### Supplied material

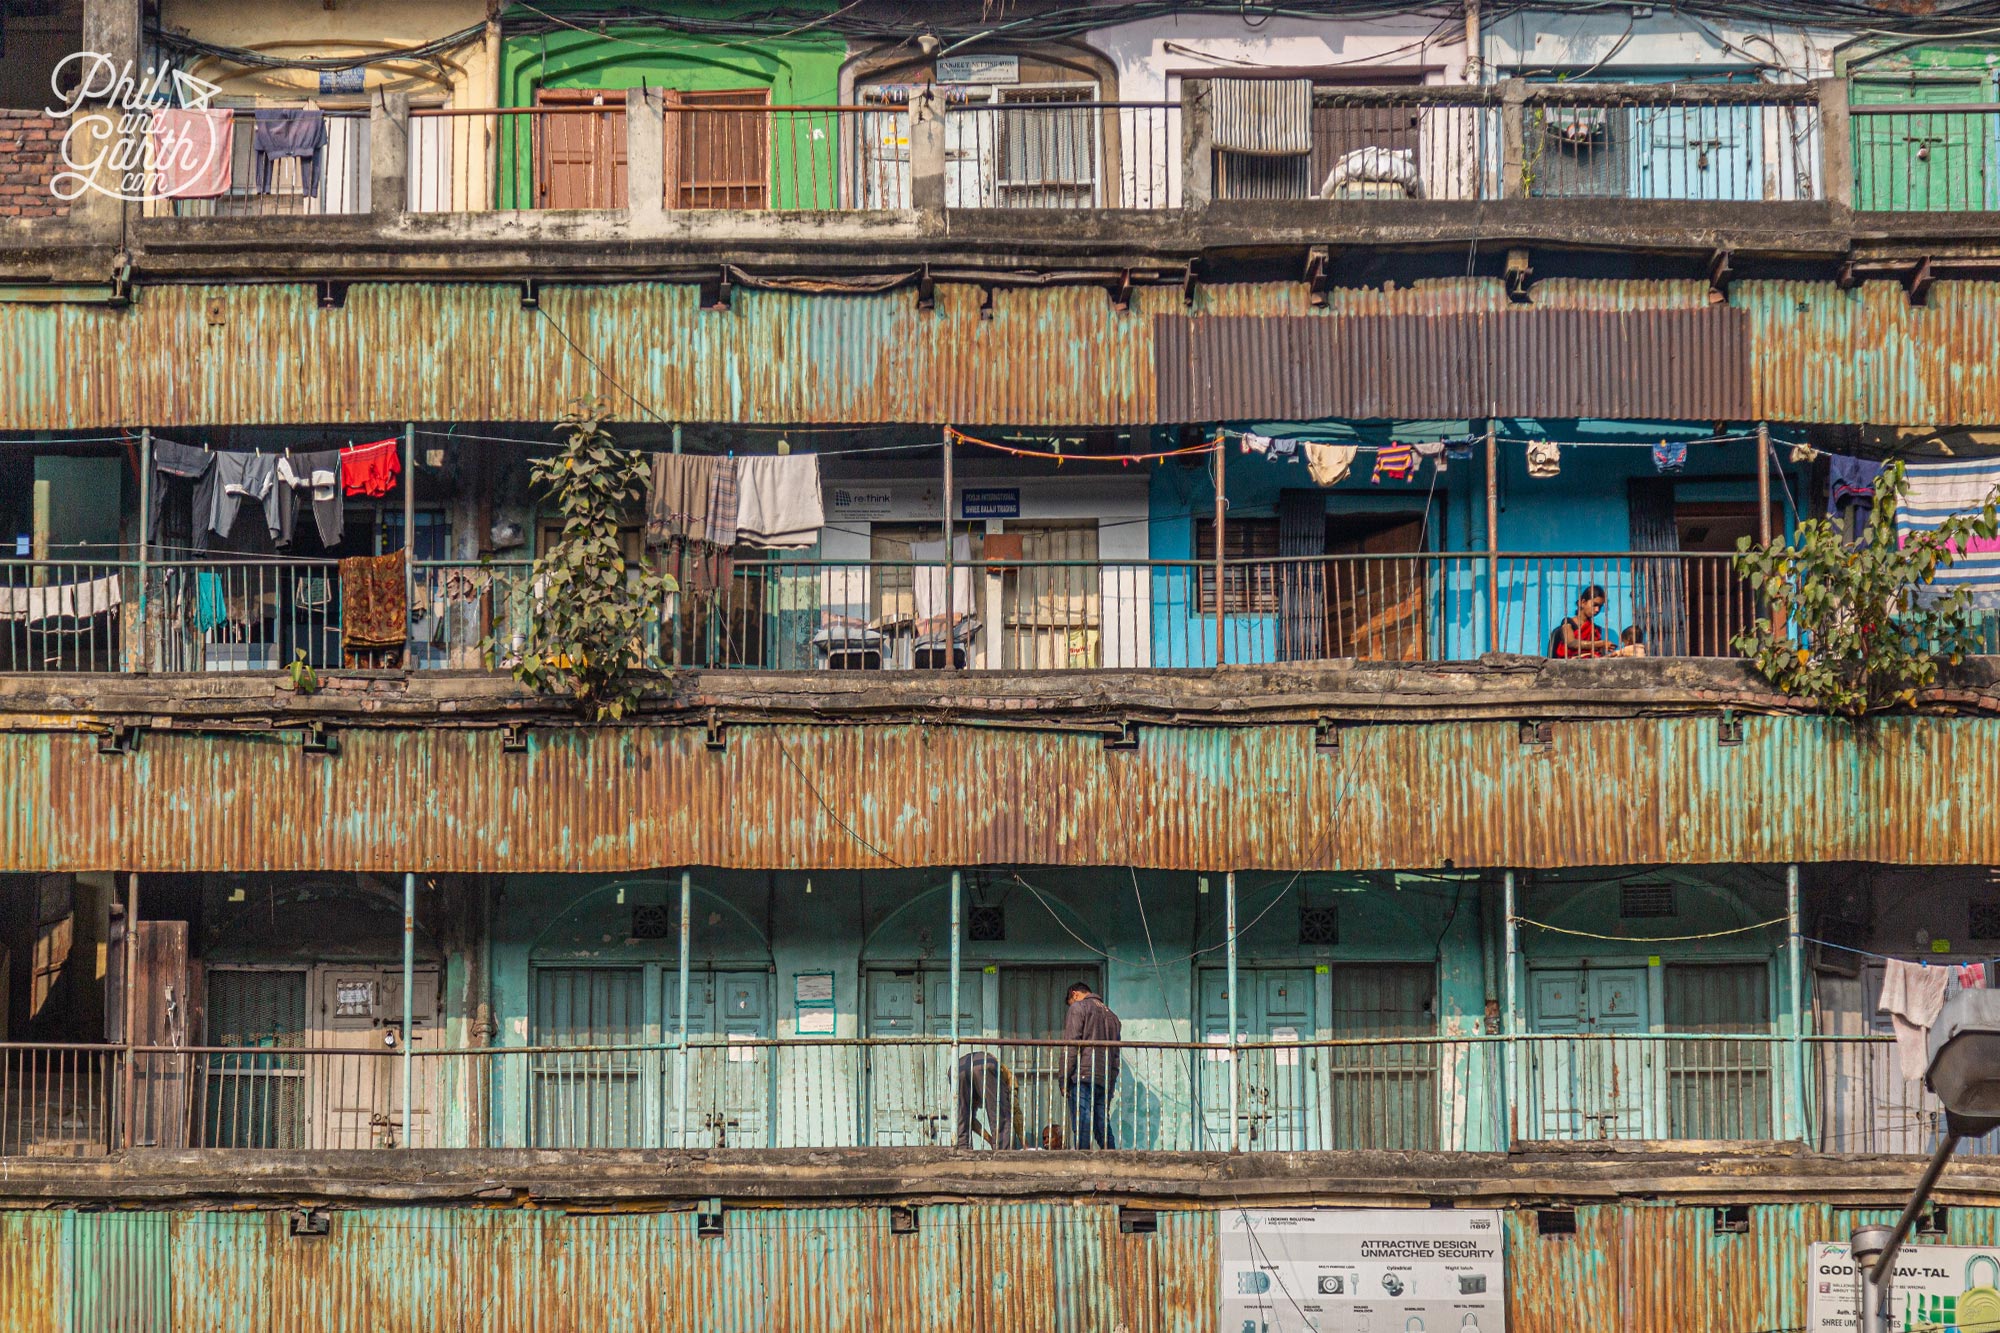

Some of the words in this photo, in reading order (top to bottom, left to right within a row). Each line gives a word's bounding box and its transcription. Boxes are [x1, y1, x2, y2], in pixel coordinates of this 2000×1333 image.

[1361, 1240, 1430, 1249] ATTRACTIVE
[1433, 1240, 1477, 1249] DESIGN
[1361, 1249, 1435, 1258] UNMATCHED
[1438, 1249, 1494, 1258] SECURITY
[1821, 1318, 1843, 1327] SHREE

######

§ **What needs to be done**
Set down the material exactly as given, but print none of the pictures.

§ **Problem solution**
Some of the words in this photo, in reading order (top to bottom, left to right within a row). Each line gives a word's bounding box and its transcription. Boxes are [x1, y1, x2, y2], in pixel coordinates of this 2000×1333 image.

[1361, 1240, 1430, 1249] ATTRACTIVE
[1433, 1240, 1477, 1249] DESIGN
[1361, 1249, 1435, 1258] UNMATCHED
[1438, 1249, 1494, 1258] SECURITY
[1821, 1318, 1843, 1327] SHREE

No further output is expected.